Learn to Appreciate Nature
Protecting the Earth begins with learning to appreciate the blessings of nature. The world has made huge advances in science and technology. Yet, we cannot compete with the power of nature. English poet Robert Browning expressed the same thought when he said: “Of what I call God, and fools call nature.”

Many of the earliest religions of the world undertook nature worship. From the oceans to winds to thunderbolts, various aspects of nature were deified. In many cultures, Mother Earth is worshipped as a goddess. There are many odes to Mother Earth in world literature. One of my favorites is a beautiful poem entitled Nature, the Gentlest Mother by Emily Dickinson.

Environmental Protection Begins at Home
Do not forego your responsibility by saying that environmental degradation is too big a problem for one individual to do anything about. Saving Earth is everyone’s job. If there were a leak on the roof of your house, would you not fix it? You do not have to join rallies or write vociferous blog posts to save Earth. You can make a change in your everyday life to make a difference.

Turn off unnecessary energy-consuming devices. Use eco-friendly lamps. You could also spruce up your garden and ditch the fuel-guzzling car for short distances. As American author Joyce Maynard said, “A good home must be made, not bought.” Are you ready to put in the effort?

Catch Them Young
Despite the modern focus on saving Earth, many people remain resistant to the idea. Hence, it is imperative to introduce environmental studies at school. Involve children in nature clubs. Educate them about the dangers of being environmentally irresponsible. Encourage them to take steps to reduce their carbon footprint.
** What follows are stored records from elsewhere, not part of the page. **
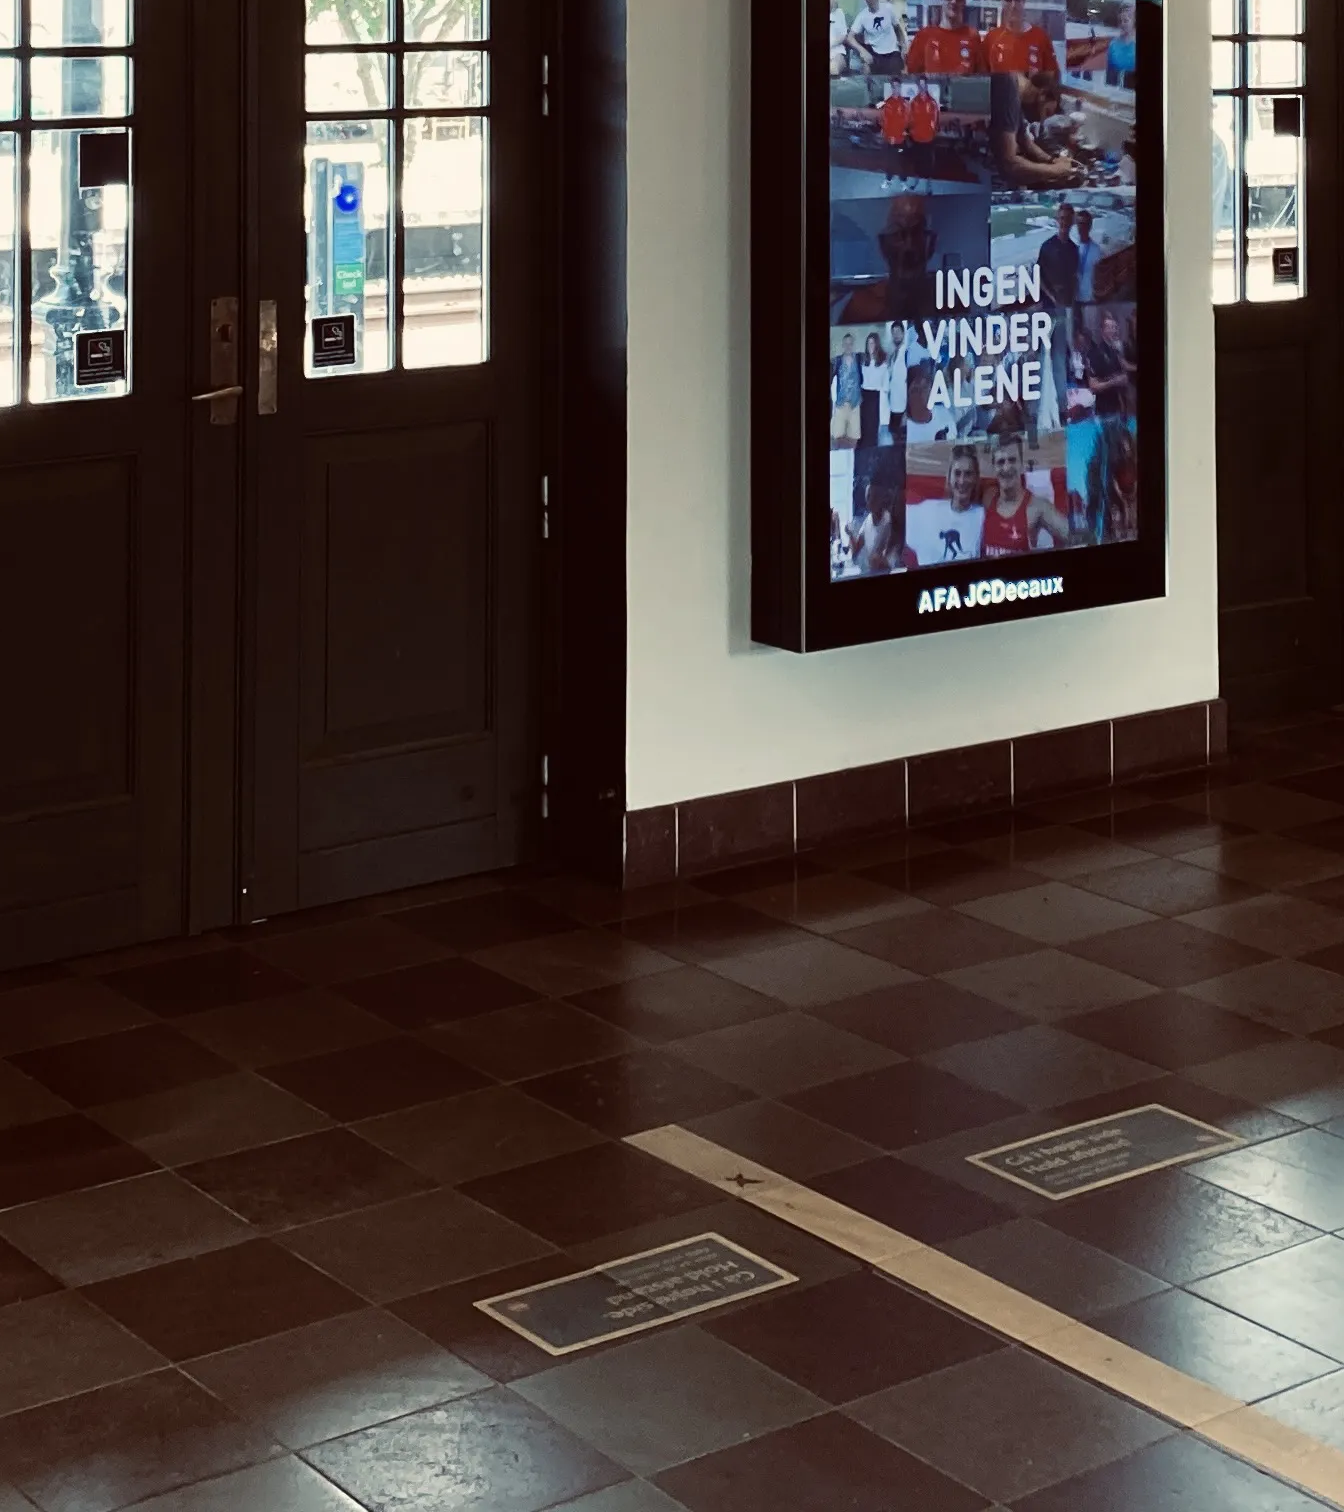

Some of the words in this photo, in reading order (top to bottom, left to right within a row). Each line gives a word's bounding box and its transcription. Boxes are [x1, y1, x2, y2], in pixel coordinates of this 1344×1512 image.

[935, 264, 1041, 310] INGEN
[922, 312, 1054, 361] VINDER
[927, 361, 1042, 410] ALENE
[918, 586, 961, 614] AFA
[964, 576, 1064, 608] JCDecaux
As parents and educators, let us inculcate such responsible habits in our little ones. Take heart from that famous quote by The Chronicles of Narnia author C. S. Lewis, “The task of the modern educator is not to cut down jungles, but to irrigate deserts.”

On Earth Day, organize awareness camps in schools and colleges to talk about the hazards of pollution. Share these Earth Day quotes with friends and family to sensitize them about the dangers of environmental degradation. If inspirational talk does not work, use funny Earth Day quotes to break the ice.

Use These Quotes About Nature to Inspire Change
To make our voices heard in the higher echelons of power, we need to amass public support. Media, social networking sites, and other means of communication can help bring people together for a common cause. In 1962, Rachel Carson managed to evoke public sentiment against environmental degradation by publishing a book titled The Silent Spring. There is no reason why we cannot bring forth a radical change in mindset, especially in the Internet era. The collective momentum can help change the mindsets of naysayers.

Here are some quotes about nature that make an impact on people. Use these quotes to pepper your speech. Vocalize your ideas and cause change. Inspire people to break the inertia, and join the movement towards a clean and green world.

Edward O. Wilson
One planet, one experiment.

George Santayana
The Earth has music for those who listen.

An Inspirationa…

An Inspirational Quote.

Rachel Carson was to nature what Martin Luther King was to America. As a young environmentalist, and an avid writer, Rachel Carson used her skills to promote awareness about the world we live in. Her bestsellers, The Sea Around Us and The Edge of the Sea won her the unique title of “the Mother of Modern Environmental Movement.”

Her brilliant writing, The Silent Spring, caused a new awakening among nature lovers of the world. She envisioned that with the rampant use of pesticides, particularly DDT, a synthetic pesticide, would cause the mass destruction of nature. The Bald Eagle in particular, would be a direct victim of the pesticide. As the poison traveled up the food chain, it would affect nearly all species, including humans.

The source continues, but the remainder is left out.